WHAT TO WORK ON> An exact copy of every record below is needed, with the pictures left out.

EXCERPTED DATA>

Segment Open

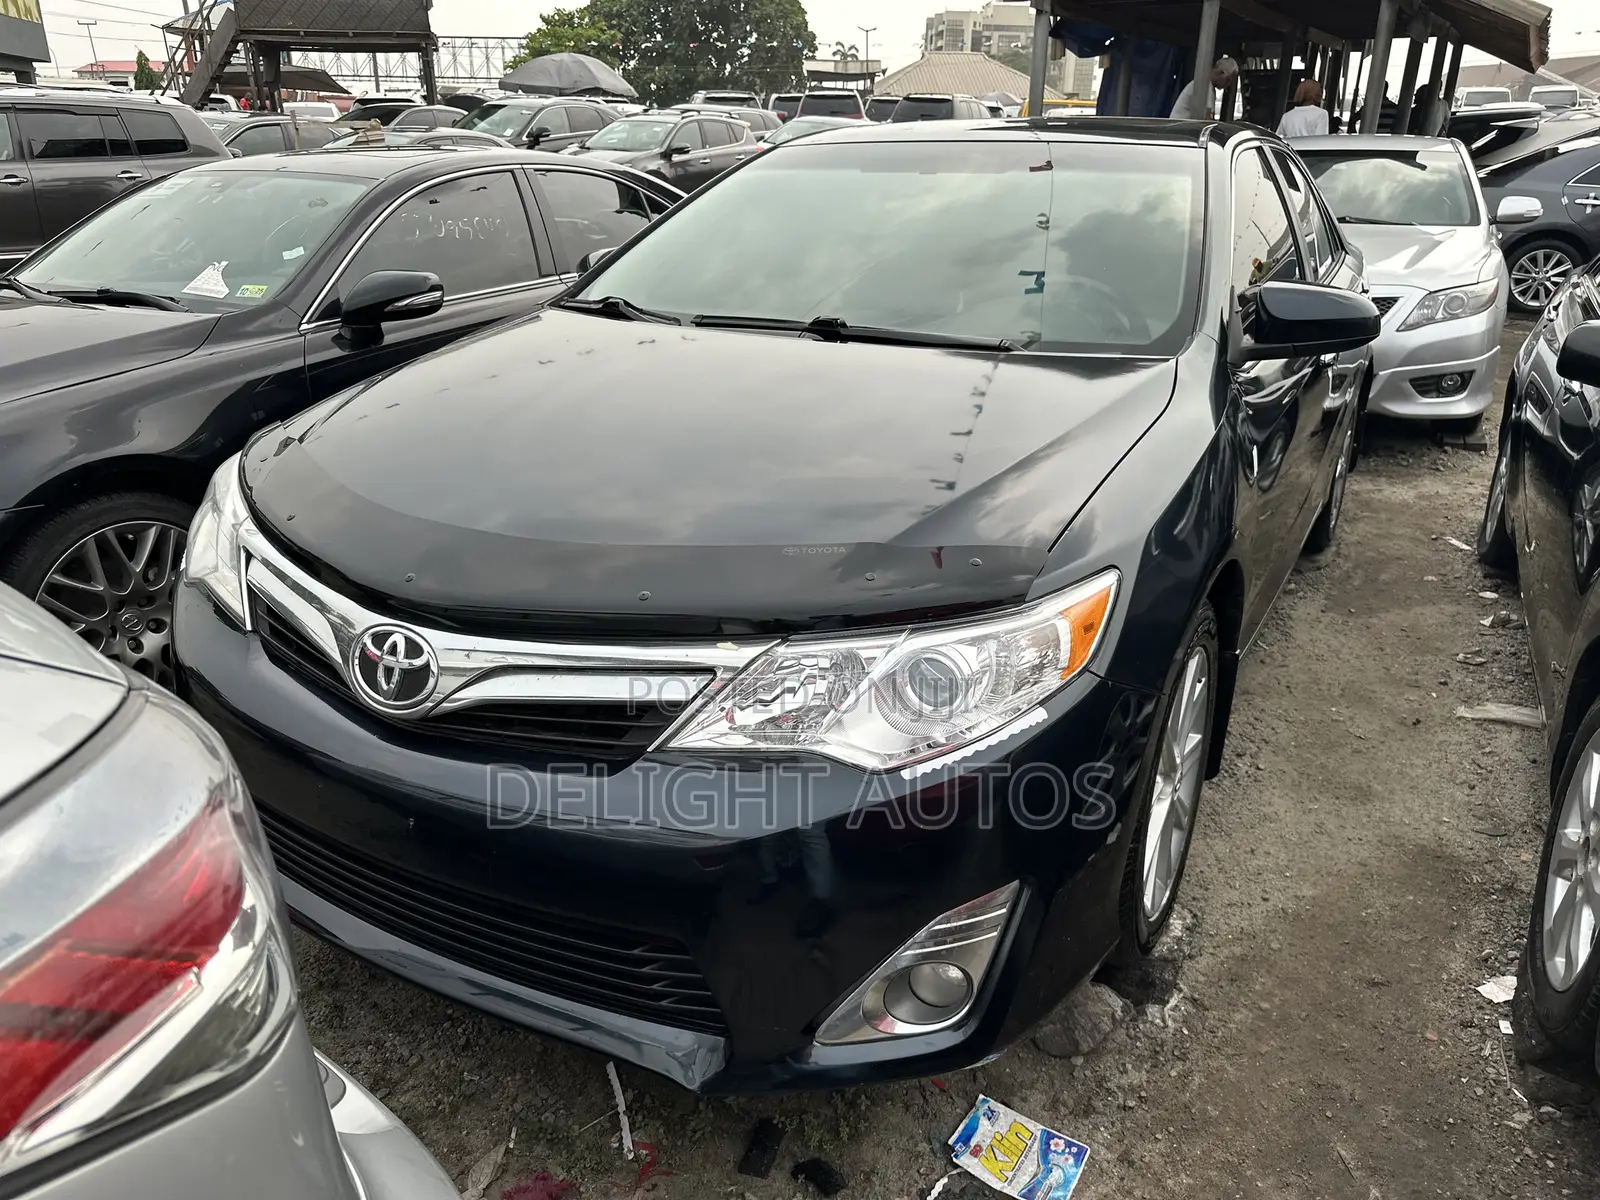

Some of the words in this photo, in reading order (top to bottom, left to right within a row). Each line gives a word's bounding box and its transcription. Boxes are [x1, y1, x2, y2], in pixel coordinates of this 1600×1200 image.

[801, 546, 847, 554] TOYOTA
[983, 1105, 997, 1121] 2X
[979, 1121, 1034, 1183] Klin
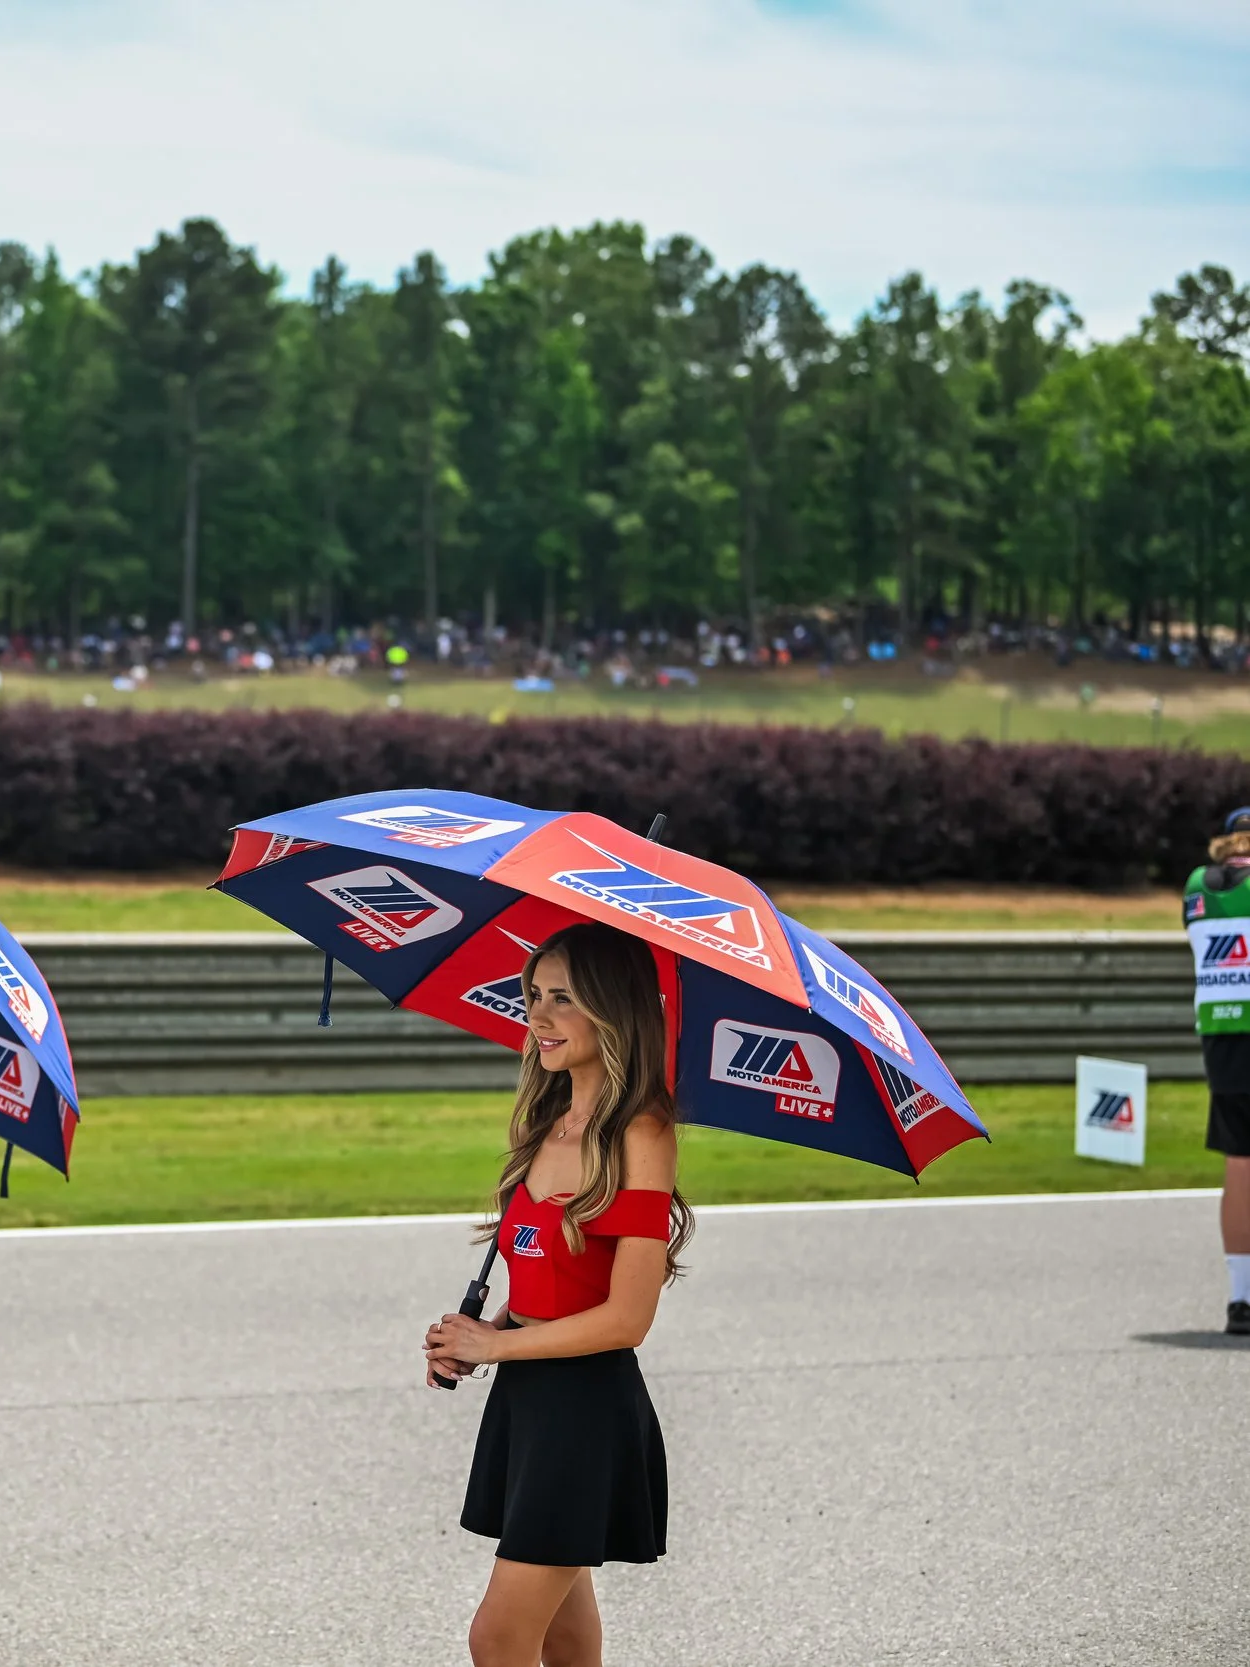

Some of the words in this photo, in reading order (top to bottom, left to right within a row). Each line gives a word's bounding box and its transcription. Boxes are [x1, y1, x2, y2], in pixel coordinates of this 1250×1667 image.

[366, 817, 465, 840] MOTOAMERICA
[329, 887, 407, 938] MOTOAMERICA
[556, 875, 766, 966] MOTOAMERICA
[726, 1068, 822, 1095] MOTOAMERICA

Segment Closed

SOLUTION TO THIS TASK>
Some of the words in this photo, in reading order (top to bottom, left to right within a row). Each line gives a word's bounding box and its transcription. Boxes are [x1, y1, x2, y2], in pixel coordinates of this 1600×1200 image.

[801, 546, 847, 554] TOYOTA
[983, 1105, 997, 1121] 2X
[979, 1121, 1034, 1183] Klin

Some of the words in this photo, in reading order (top to bottom, left to right within a row). Each line gives a word's bounding box and its transcription. Boxes are [x1, y1, x2, y2], in pixel coordinates of this 1250×1667 image.

[366, 817, 465, 840] MOTOAMERICA
[329, 887, 407, 938] MOTOAMERICA
[556, 875, 766, 966] MOTOAMERICA
[726, 1068, 822, 1095] MOTOAMERICA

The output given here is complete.